“Our house is freezing,” my daughter says of our current home. She’s finally emerged from her bedroom, cocooned in flannel pajamas, an oversized Taylor Swift sweatshirt, and thick socks.
“Put on a sweater,” I say.
Years ago, I’d turn up the thermostat, to my husband’s dismay.
“I’m not working full-time to shiver in my own home,” I’d say.
Menopause later converted me to Team Leave It At 68º Or Lose A Finger.
“Feel how cold my room is,” my daughter says another day, pulling me into her bedroom with an icy grip on my wrist. Her room is over the garage, and the added insulation we paid for years ago has apparently disintegrated.
“A cold room is better for sleeping,” I tell her. “They’ve done research.”
I’m at a moment where less effort, less energy rules. Welcome to my almost empty-nest downsizing.
Empty-Nesters: The Low-Effort Lifestyle
Here’s the thing. We’re not neglectful parents. Nobody’s starving, our house is clean, we pay our bills on time, and we keep up with the maintenance and landscaping.
But with our daughter, in her twenties, on the brink of moving out, we’re not so eager to invest more time or money on improving the home we plan to sell once our nest is fully emptied (I whisper out of earshot of our 15-year-old dog). I’ve entered my “be lazy” era.
On the brink of moving out, we’re not so eager to invest time or money in improving our home. So I’ve entered my “be lazy” era.
The thought of downsizing conjures mixed emotions.
There’s the appeal of a clean slate that comes with moving to a smaller place. By necessity, I’ll have to pare down. Only items currently in high rotation (or those I can’t bear to part with) will make the cut. Knowing this, my desire to shop has been curbed substantially.
The downside of downsizing, of course, is what it represents. Saying goodbye to the home we’ve lived in for more than 25 years and watching our household of four (four-legged offspring included) shrink to the original two in a smaller space requiring less maintenance.
Preparing for a Simpler Life in a Smaller Home
Until then, my husband and I are embracing an empty-nest mindset — where frugality and laziness rule the roost. Our been-there-done-that-over-it attitude has made us a bit laissez-faire when it comes to mundane domestic concerns. Like what to make for dinner.
“Let’s just pick tonight,” we say most weeknights. As in: pick through the wasteland of our kitchen. Like a contestant on Chopped, my husband can Frankenstein an impressive salad from a ragtag lineup of disparate ingredients while I happily down a bowl of Kashi GO cereal.
Frugality and laziness rule the roost. My husband can Frankenstein an impressive salad from the disparate ingredients in our wasteland of a kitchen.
Our daughter no longer complains that there’s no food in our current house. Armed with an iPhone, credit card, and half a dozen food delivery apps, she’s winning the hunger games without leaving her bedroom.

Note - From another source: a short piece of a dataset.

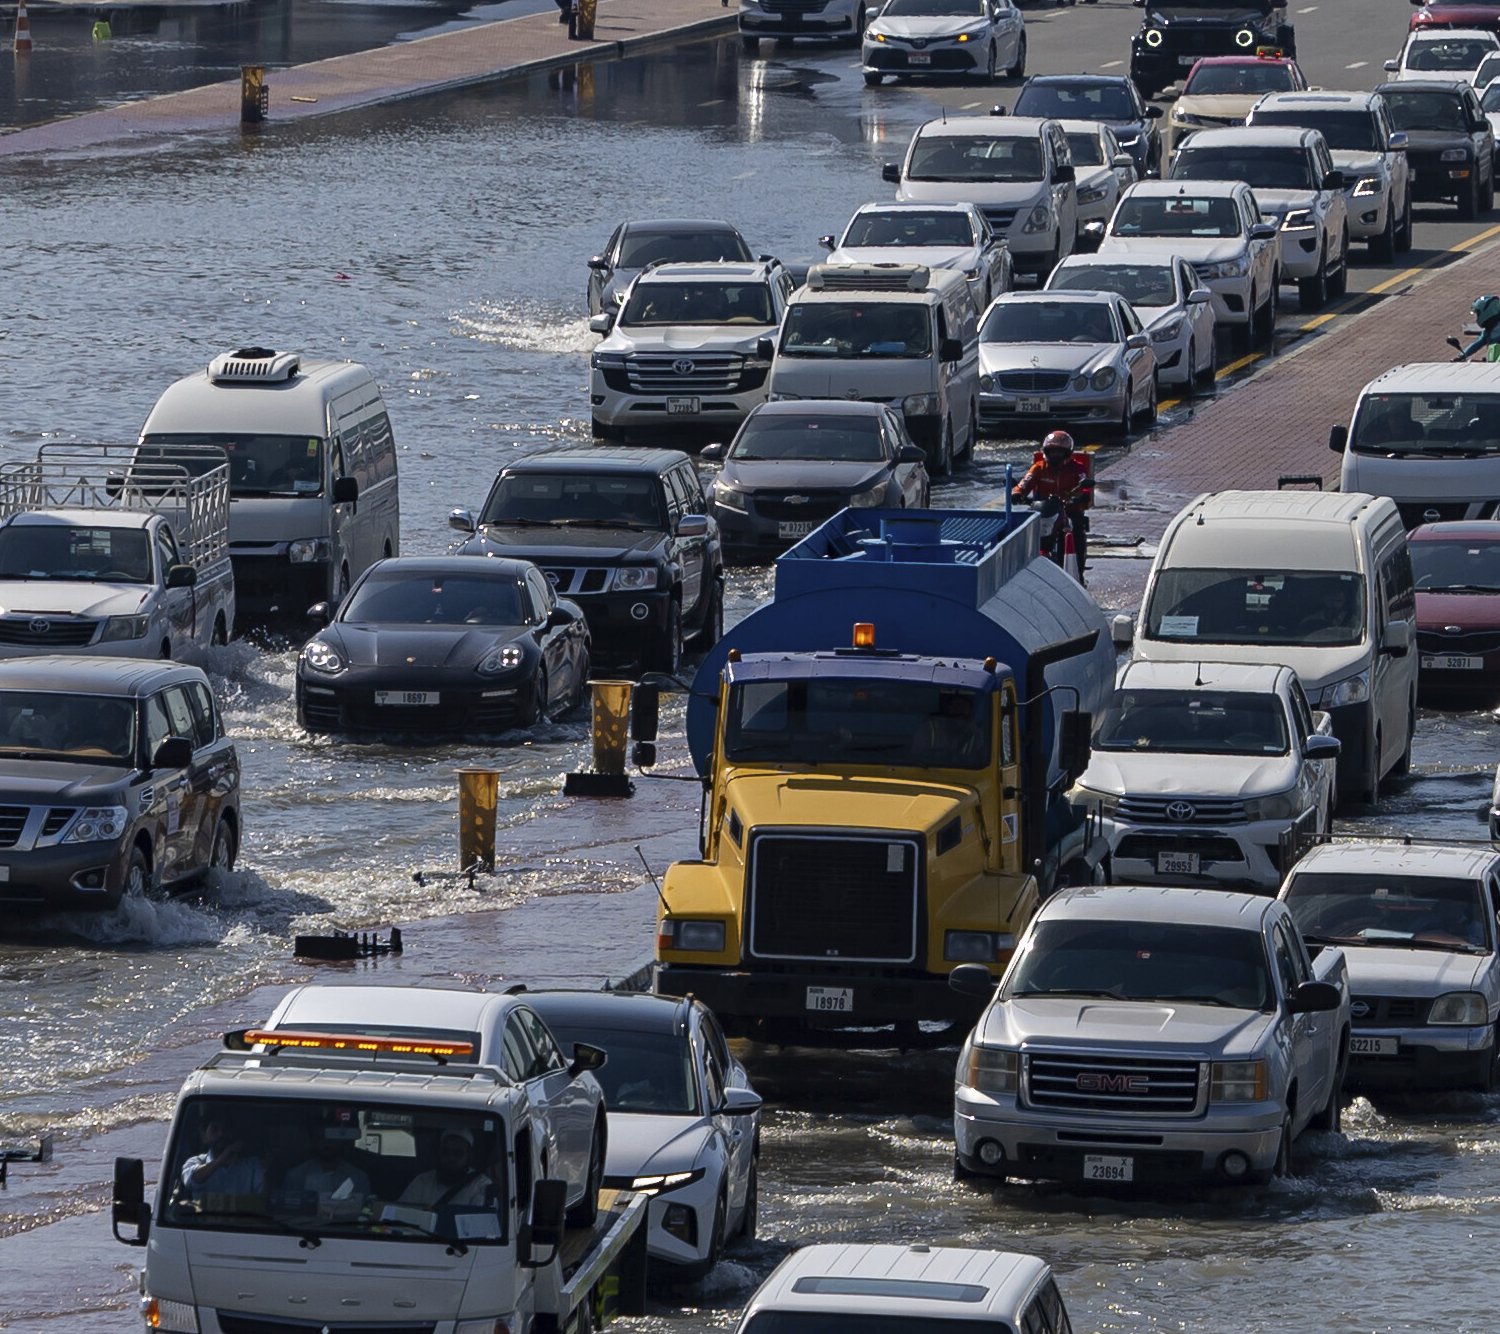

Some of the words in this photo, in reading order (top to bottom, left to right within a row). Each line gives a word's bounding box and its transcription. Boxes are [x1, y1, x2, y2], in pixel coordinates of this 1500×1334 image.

Taking “Take It Easy” to the Extreme
This experiment in expending minimal effort has unleashed a spirited competition between my husband and me. We take a perverse pleasure in seeing how far we can push things, which has escalated into a contest of wills — less Hunger Games than Game of Chicken.
This experiment in expending minimal effort has escalated into a contest of wills – less Hunger Games than Game of Chicken.
Like Survivor, the reality-TV game show that boasts more seasons than my 33-year marriage, our goal is to outwit, outplay, and outlast.
Which of us can more convincingly feign sleep when the dog barks to go out at 2:17 a.m.?
Who can reload our overstuffed dishwasher to fit one more bowl onto the groaning upper rack?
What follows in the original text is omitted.